The one thing I always admired about Dr. King and about Coretta when I got to know her, especially, is how they embraced causes that were almost surely lost right alongside causes that they knew if they worked at hard enough, they could actually win.
They understood that the difficulty of success does not relieve one of the obligation to try. So all of us have to remember that.
What are we going to do with the rest of our lives? You want to treat our friend Coretta like a role model? Then model her behavior.
And you know we're always going to have our political differences. We're always going to have things we can do. And this has been, I must say, a brilliantly executed and enormously both moving and entertaining moment.
But we're in the house of the Lord. And most of us are too afraid to live the lives we ought to live because we have forgotten the promise that was made to Martin Luther King, to Coretta Scott King and to all of us, most beautifully for me stated in Isaiah.

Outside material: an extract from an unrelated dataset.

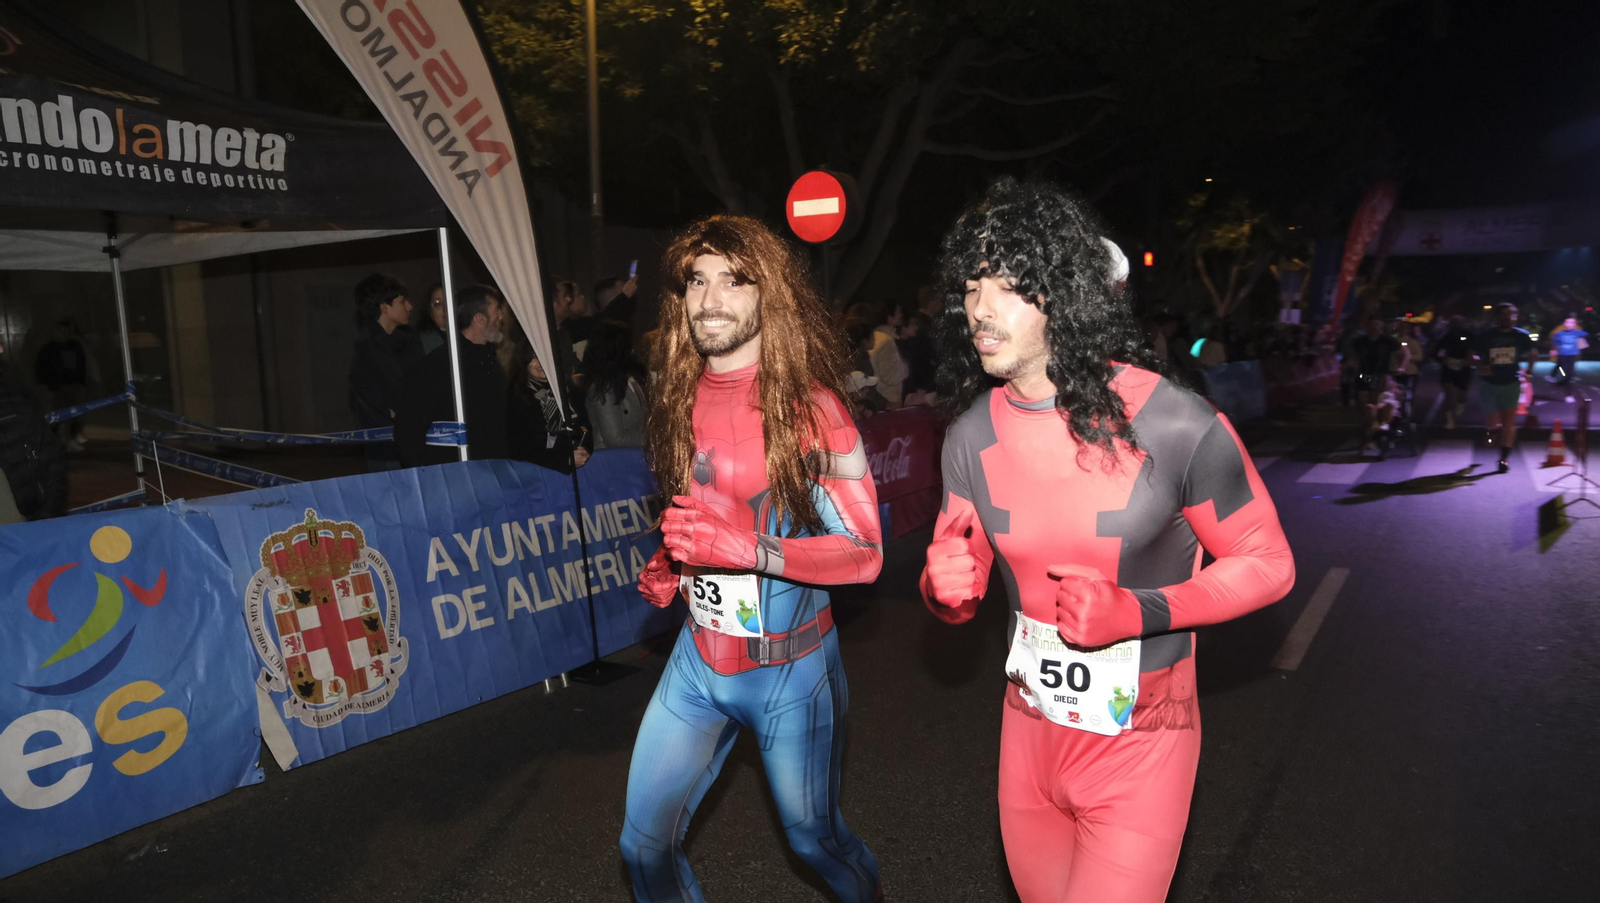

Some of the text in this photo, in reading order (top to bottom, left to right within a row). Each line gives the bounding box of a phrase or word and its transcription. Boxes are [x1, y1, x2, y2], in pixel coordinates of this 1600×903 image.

"Fear not, I have redeemed thee. I have called thee by thy name. Thou art mine."
We don't have to be afraid. We can follow in her steps. We can honor Dr. King's sacrifice. We can help his children fulfill their legacy.
Everybody who believes that the promise of America is for every American, everybody who believes that all people in the world are caught up in what he so eloquently called the inescapable web of mutuality, everyone of us in a way are all the children of Martin Luther and Coretta Scott King. And I for one am grateful for her life and her friendship.
Thank you.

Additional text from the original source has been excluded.